Output every line below exactly, please, omitting pictures.

**DATA FOR THIS EXERCISE**
********************
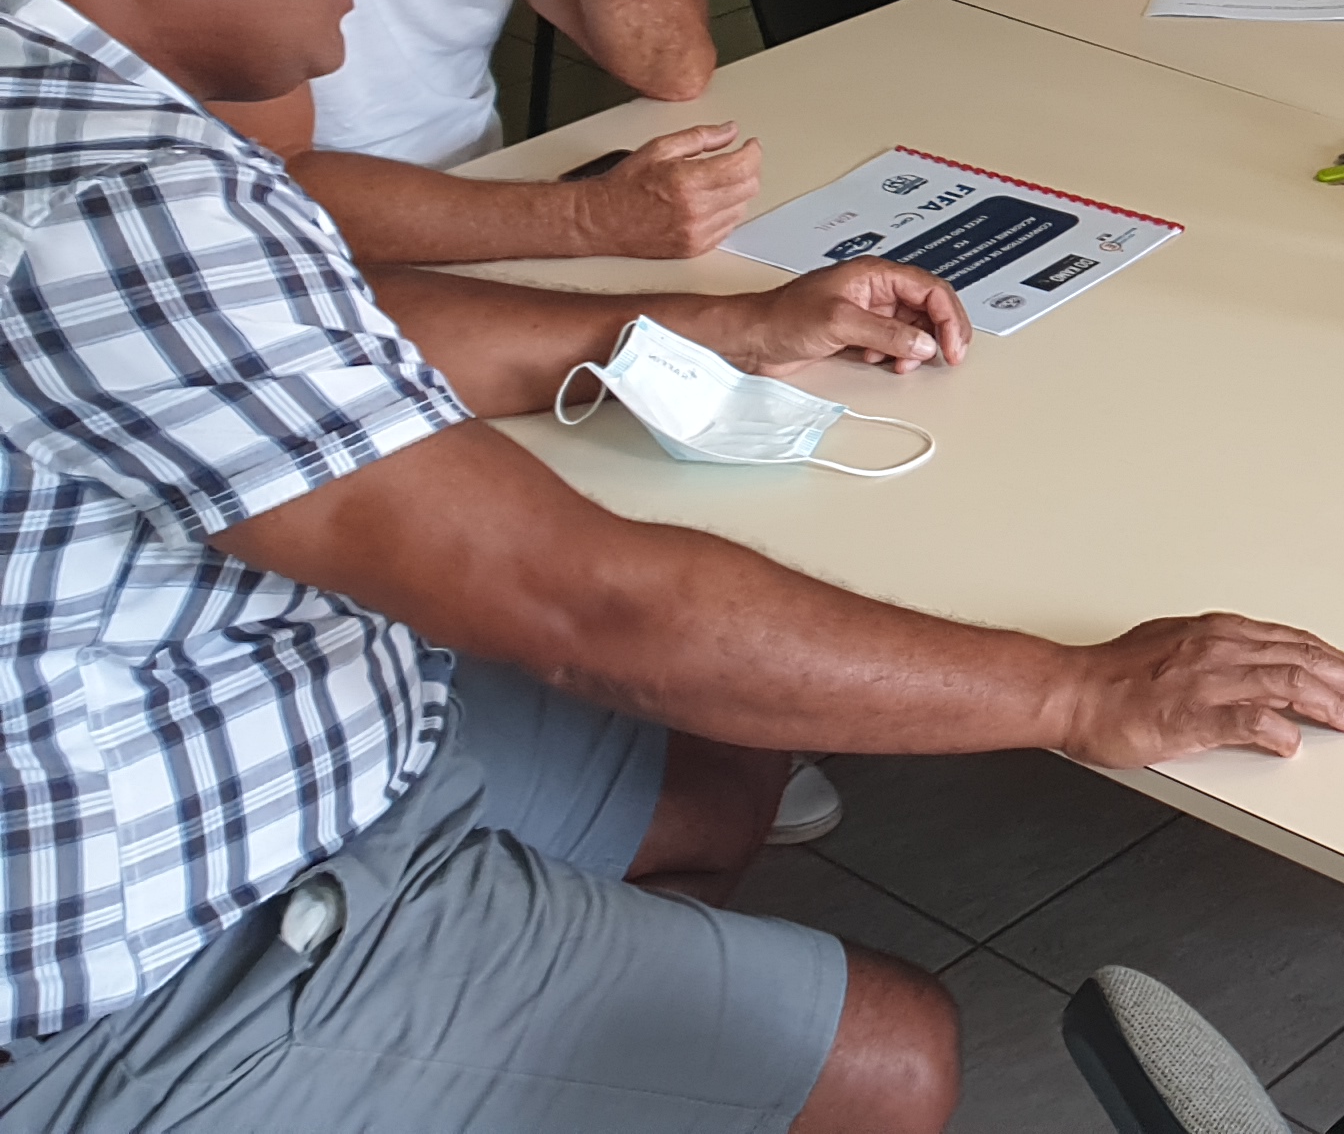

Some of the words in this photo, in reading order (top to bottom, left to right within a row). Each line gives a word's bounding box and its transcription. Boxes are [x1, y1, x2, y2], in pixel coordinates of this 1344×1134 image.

[918, 184, 976, 213] FIFA
[950, 226, 965, 238] DO
[996, 216, 1036, 244] ACADEMIE
[1001, 221, 1053, 252] CONVENTION
[925, 233, 950, 251] KAMO
[987, 246, 1002, 259] DE
[1049, 264, 1077, 282] KAMO
[1074, 257, 1094, 272] DO
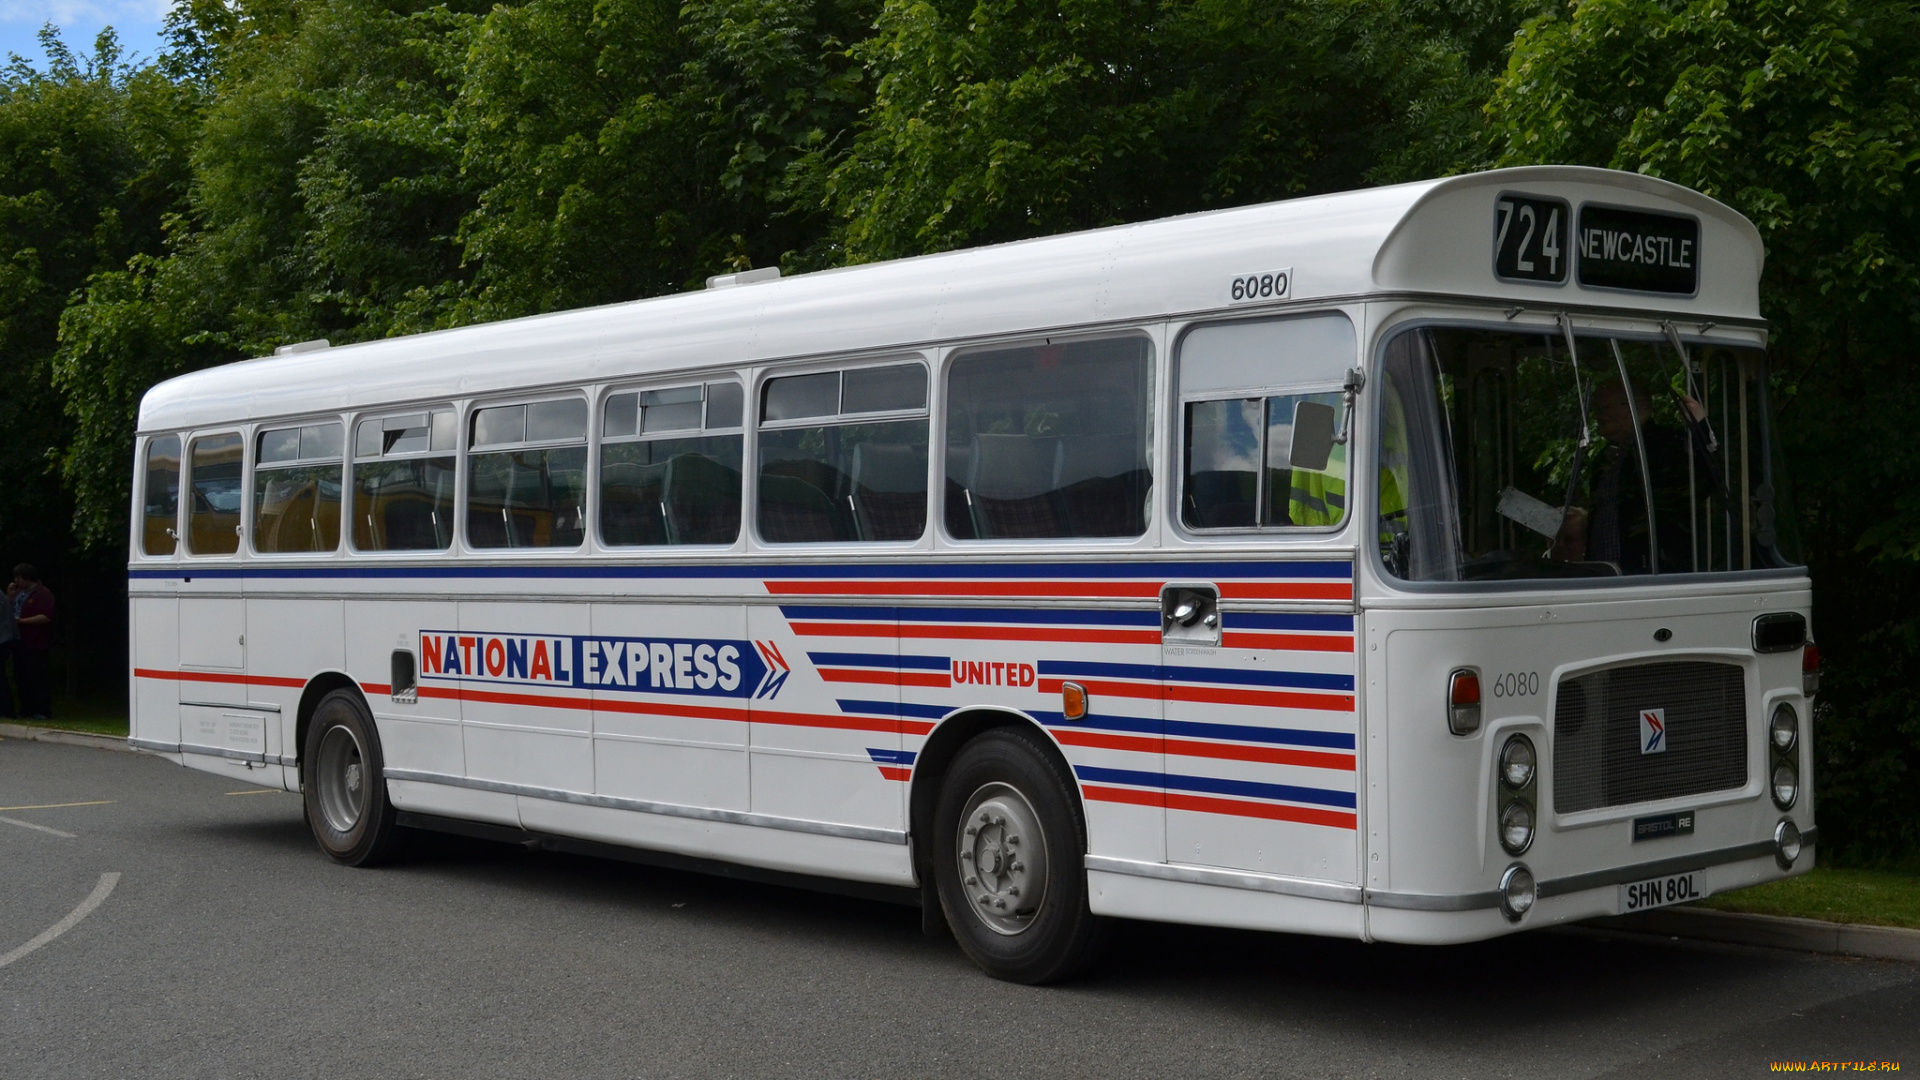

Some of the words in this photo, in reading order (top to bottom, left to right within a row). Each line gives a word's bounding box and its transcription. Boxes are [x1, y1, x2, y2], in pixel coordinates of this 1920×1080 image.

[1496, 201, 1560, 275] 724
[1579, 228, 1692, 269] NEWCASTLE
[1231, 272, 1288, 300] 6080
[422, 635, 570, 682] NATIONAL
[583, 640, 741, 691] EXPRESS
[1164, 648, 1185, 656] WATER
[952, 660, 1035, 688] UNITED
[1494, 671, 1539, 698] 6080
[1637, 821, 1675, 835] BRISTOL
[1678, 817, 1691, 829] RE
[1627, 880, 1662, 909] SHN
[1665, 874, 1699, 901] 80L
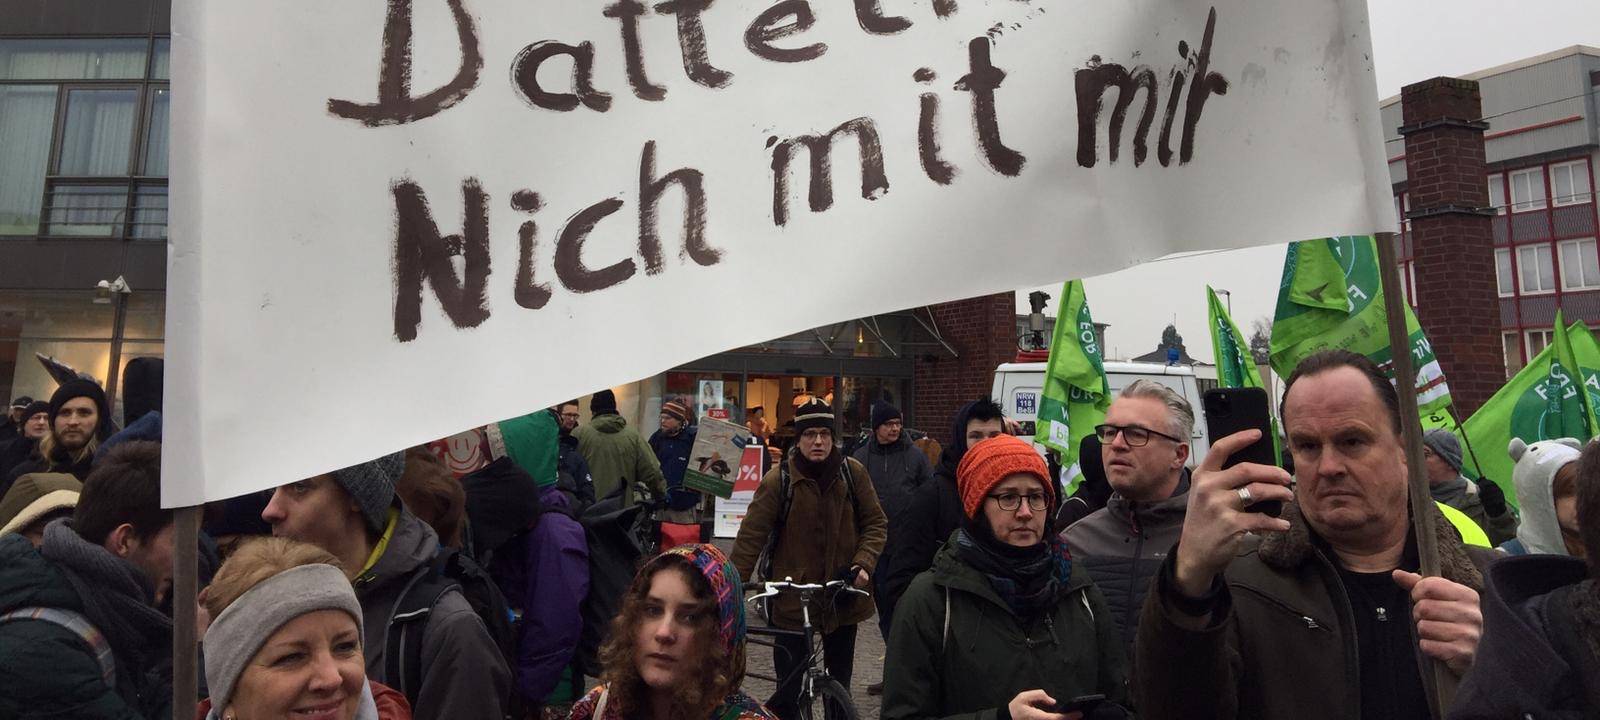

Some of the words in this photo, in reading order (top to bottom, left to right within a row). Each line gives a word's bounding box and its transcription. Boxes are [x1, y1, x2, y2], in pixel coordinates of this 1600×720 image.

[328, 0, 1031, 127] Datte
[390, 139, 725, 343] Nich
[766, 36, 1028, 226] mit
[1073, 6, 1229, 169] mir
[1016, 392, 1035, 400] NRW
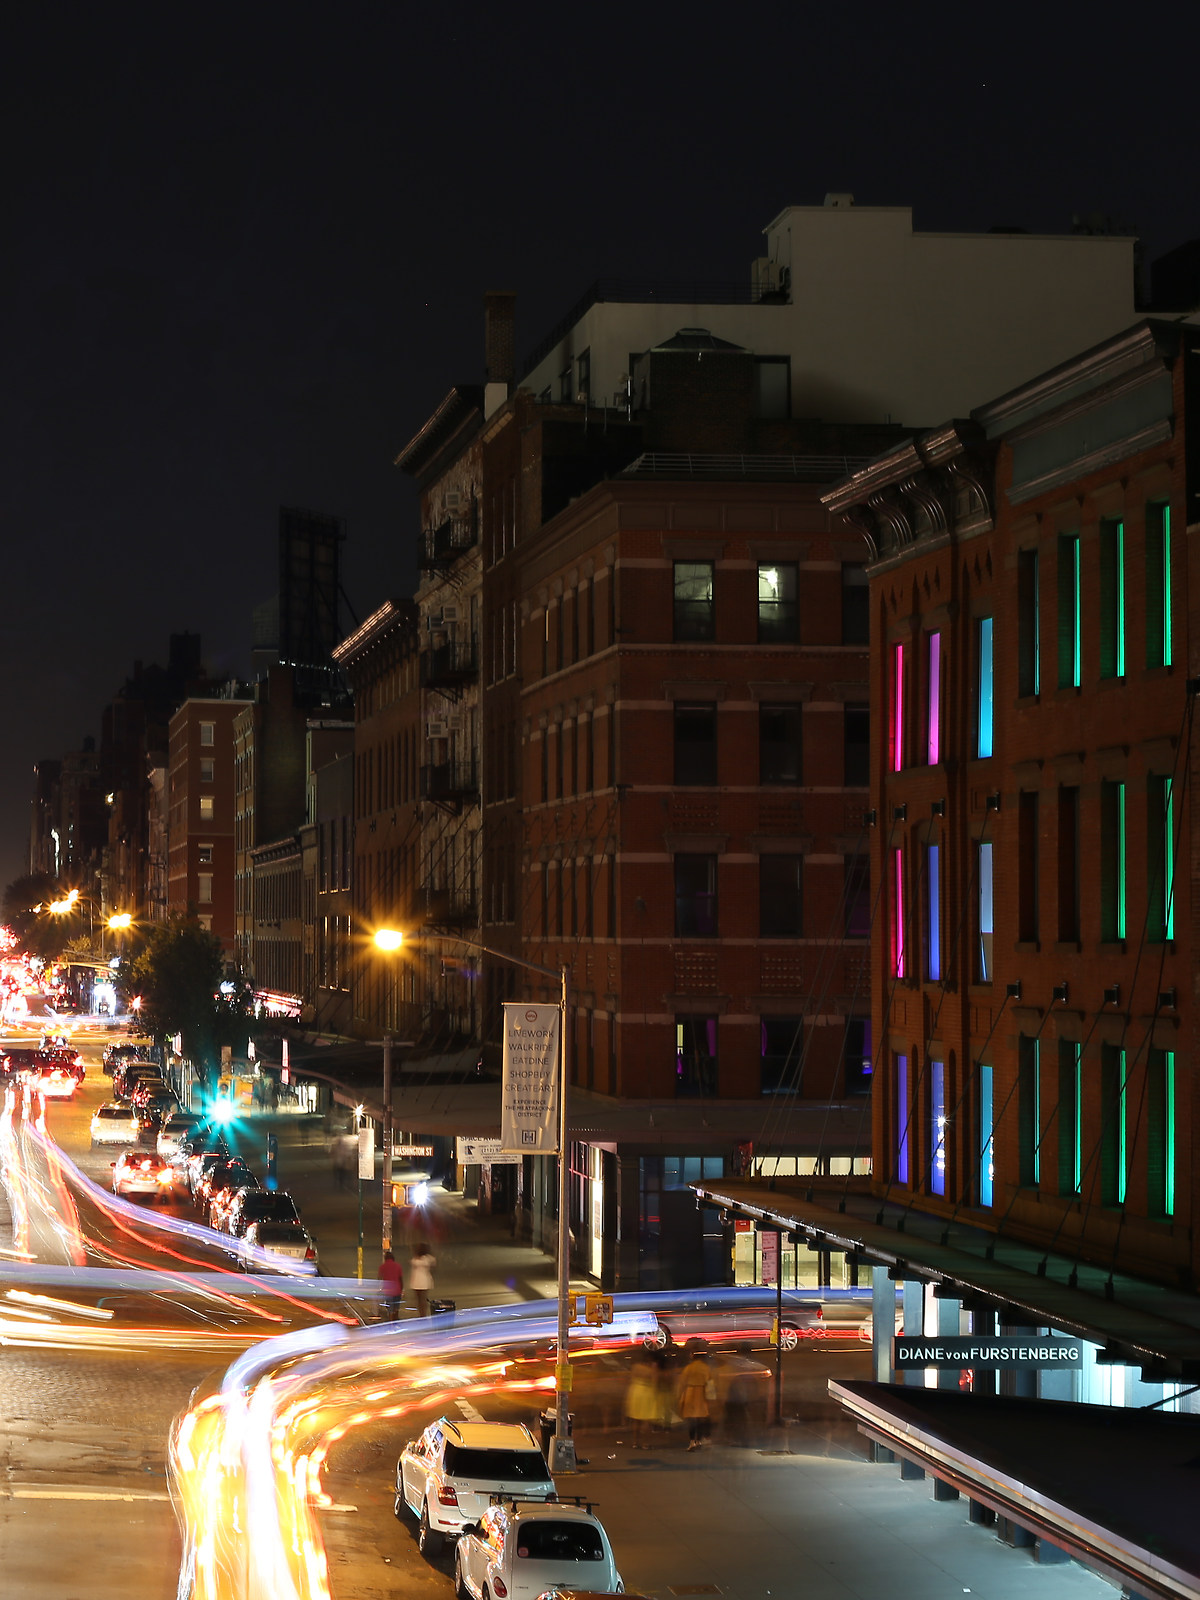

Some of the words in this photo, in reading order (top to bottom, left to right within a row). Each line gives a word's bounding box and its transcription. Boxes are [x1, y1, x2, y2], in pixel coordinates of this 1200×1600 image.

[394, 1147, 425, 1156] WASHINGTON
[426, 1147, 433, 1156] ST
[899, 1348, 944, 1360] DIANE
[970, 1348, 1079, 1360] FURSTENBERG
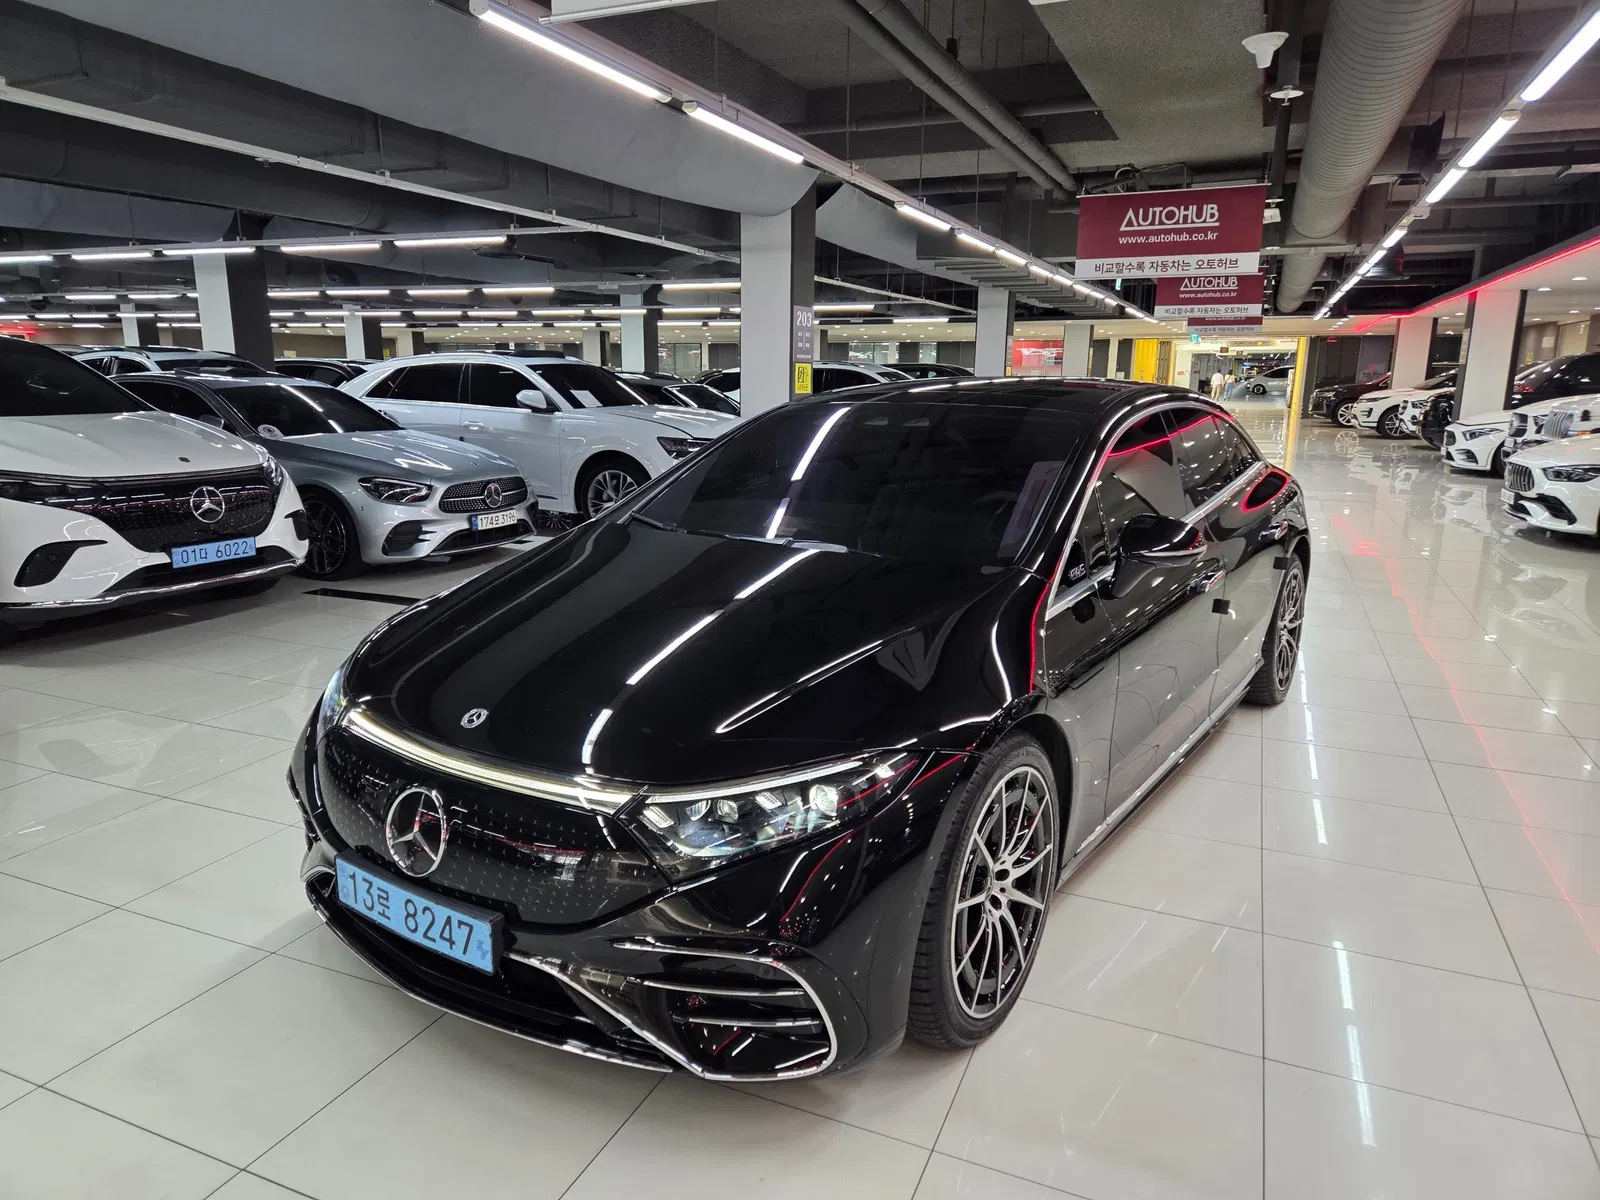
********************
**RESULT**
Some of the words in this photo, in reading order (top to bottom, left to right within a row). Each line gives a word's bounding box and its transcription. Boxes are [x1, y1, x2, y2], in pixel coordinates of this 1344×1134 image.

[918, 184, 976, 213] FIFA
[950, 226, 965, 238] DO
[996, 216, 1036, 244] ACADEMIE
[1001, 221, 1053, 252] CONVENTION
[925, 233, 950, 251] KAMO
[987, 246, 1002, 259] DE
[1049, 264, 1077, 282] KAMO
[1074, 257, 1094, 272] DO

Some of the words in this photo, in reading order (top to bottom, left to right within a row). Each line gives a word's bounding box and its transcription. Boxes are [x1, y1, x2, y2], in pixel coordinates of this 1920×1080 image.

[1496, 201, 1560, 275] 724
[1579, 228, 1692, 269] NEWCASTLE
[1231, 272, 1288, 300] 6080
[422, 635, 570, 682] NATIONAL
[583, 640, 741, 691] EXPRESS
[1164, 648, 1185, 656] WATER
[952, 660, 1035, 688] UNITED
[1494, 671, 1539, 698] 6080
[1637, 821, 1675, 835] BRISTOL
[1678, 817, 1691, 829] RE
[1627, 880, 1662, 909] SHN
[1665, 874, 1699, 901] 80L

Some of the words in this photo, in reading order (top to bottom, left to right within a row). Each line gives a word's bounding box and its transcription. Boxes are [x1, y1, x2, y2], in pixel coordinates of this 1600×720 image.

[328, 0, 1031, 127] Datte
[390, 139, 725, 343] Nich
[766, 36, 1028, 226] mit
[1073, 6, 1229, 169] mir
[1016, 392, 1035, 400] NRW

Some of the words in this photo, in reading order (top to bottom, left to right within a row). Each line gives a word's bounding box and its transcription. Boxes are [x1, y1, x2, y2], in pixel coordinates of this 1200×1600 image.

[394, 1147, 425, 1156] WASHINGTON
[426, 1147, 433, 1156] ST
[899, 1348, 944, 1360] DIANE
[970, 1348, 1079, 1360] FURSTENBERG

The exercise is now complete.